Потом меня часто спрашивали, неужели, мол, нельзя было что-то предпринять против них, так я скажу: в то время мне было не до того. Я был начеку, чтоб они меня не зацапали, и это было все, но не так уж мало; ведь я еще был начеку, чтоб не стать соучастником.
Правда, однажды я поднял крик, когда венцы хотели оттащить в угол венгра, но тот все равно умер, а мне операция далась без всякого напряжения. Как вспомню, какой я учинял тарарам в других случаях, так мои жалкие вопли по этому поводу просто чепуха. Я, к примеру, два дня ковылял по всему лазарету, чтобы разыскать недостающую половину моей суповой миски. Эти миски изготовлялись из жести американских консервных банок, и на них обычно оставалась часть выбитого штампа, на котором указывалось содержимое и дата изготовления. Но только часть, а я спал и видел целое; так уж я отношусь ко всему написанному.

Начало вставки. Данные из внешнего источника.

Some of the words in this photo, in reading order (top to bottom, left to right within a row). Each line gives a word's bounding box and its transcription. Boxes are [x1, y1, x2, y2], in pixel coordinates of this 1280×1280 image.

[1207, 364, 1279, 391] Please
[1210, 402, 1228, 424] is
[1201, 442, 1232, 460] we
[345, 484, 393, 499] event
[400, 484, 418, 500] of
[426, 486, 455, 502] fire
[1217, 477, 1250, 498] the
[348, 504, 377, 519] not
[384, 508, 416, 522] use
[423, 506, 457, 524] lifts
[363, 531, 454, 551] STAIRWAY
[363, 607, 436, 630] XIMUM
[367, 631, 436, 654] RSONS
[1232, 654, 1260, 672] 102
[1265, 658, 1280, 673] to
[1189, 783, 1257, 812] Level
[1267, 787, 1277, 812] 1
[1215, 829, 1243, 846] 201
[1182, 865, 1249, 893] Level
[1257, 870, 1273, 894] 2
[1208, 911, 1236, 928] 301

Я два дня возился с мисками; дело оказалось занятным, ведь люди очень по-разному отзываются, когда к ним подходит кто-то и просит, нельзя ли взглянуть на штамп в их суповой миске.
Немного, вообще-то говоря, нашлось таких, кто поверил, что я интересуюсь просто надписью; подозрение окружающих следовало за мной по пятам, и в конце концов все решили, что моя страсть к кастрюльным надписям просто еще одна форма фронтового психоза. Что они считали меня психом, я понял, когда староста палаты попытался два раза подряд послать меня выносить парашу.